WHAT TO PRODUCE: Reproduce the records below in full and without edits, omitting images.

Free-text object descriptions
=======
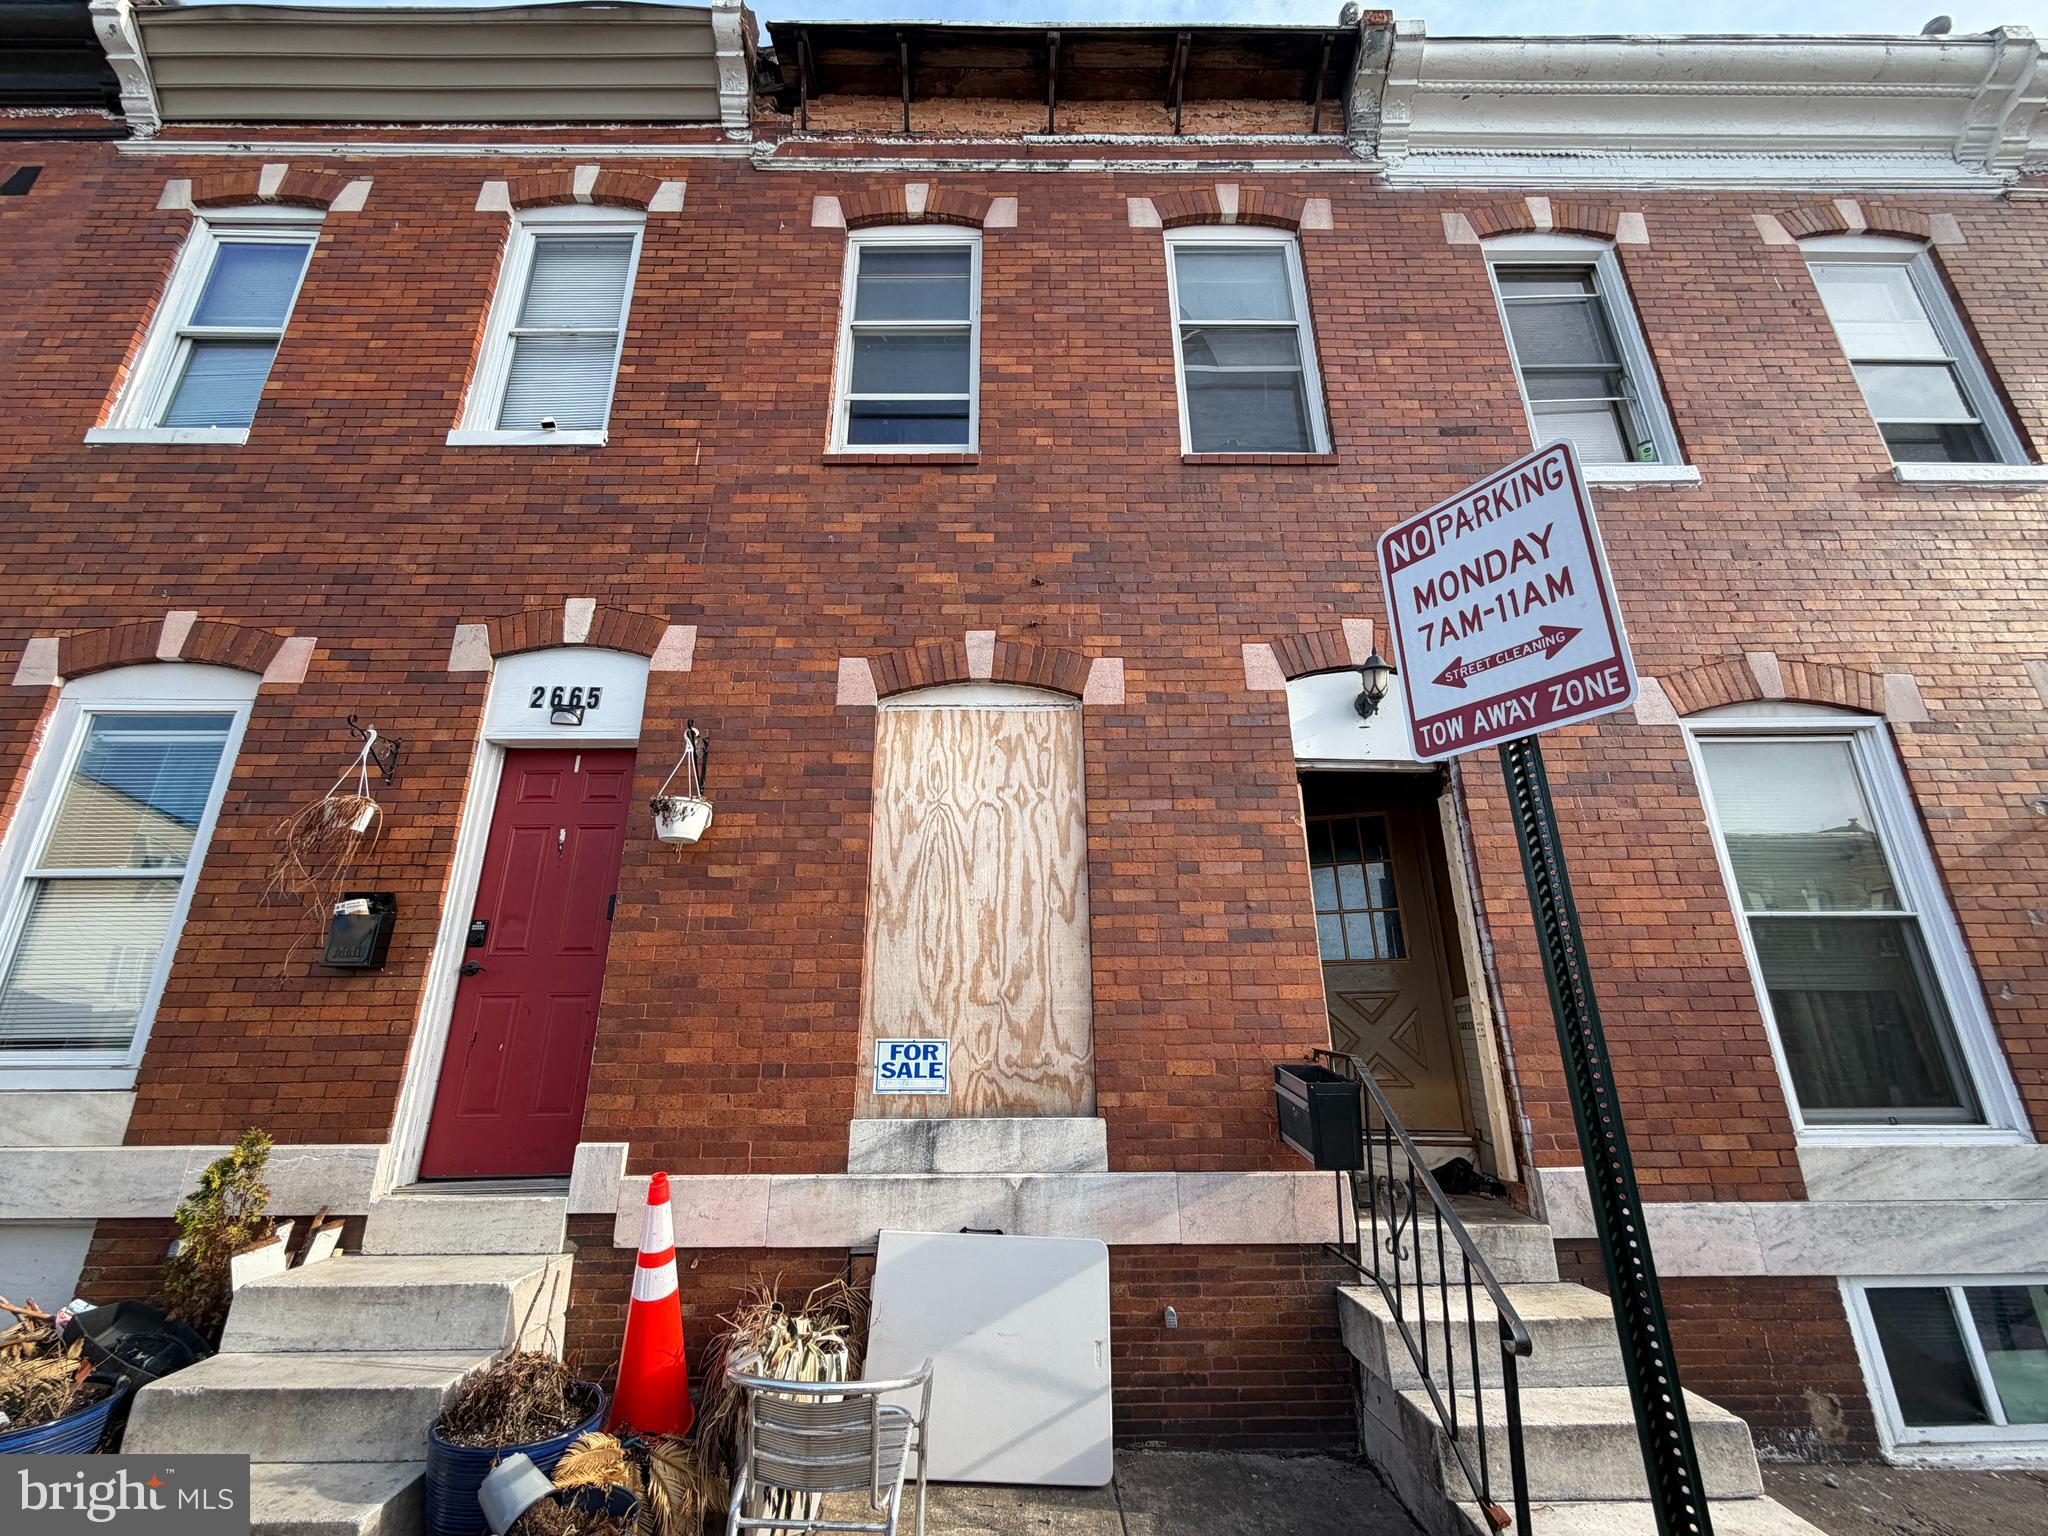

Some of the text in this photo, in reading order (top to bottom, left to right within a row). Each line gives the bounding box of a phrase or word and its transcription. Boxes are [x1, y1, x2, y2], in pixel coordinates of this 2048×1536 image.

[1388, 456, 1565, 568] NO PARKING
[1412, 522, 1554, 614] MONDAY
[1417, 565, 1575, 652] 7AM-11AM
[1445, 631, 1566, 682] STREET CLEANING
[529, 686, 601, 709] 2665
[1419, 666, 1625, 750] TOW AWAY ZONE
[880, 1062, 943, 1079] SALE
[890, 1044, 939, 1061] FOR
=======
SOLUTION BELOW:
Some of the text in this photo, in reading order (top to bottom, left to right within a row). Each line gives the bounding box of a phrase or word and its transcription. Boxes are [x1, y1, x2, y2], in pixel coordinates of this 2048×1536 image.

[1388, 456, 1565, 568] NO PARKING
[1412, 522, 1554, 614] MONDAY
[1417, 565, 1575, 652] 7AM-11AM
[1445, 631, 1566, 682] STREET CLEANING
[529, 686, 601, 709] 2665
[1419, 666, 1625, 750] TOW AWAY ZONE
[880, 1062, 943, 1079] SALE
[890, 1044, 939, 1061] FOR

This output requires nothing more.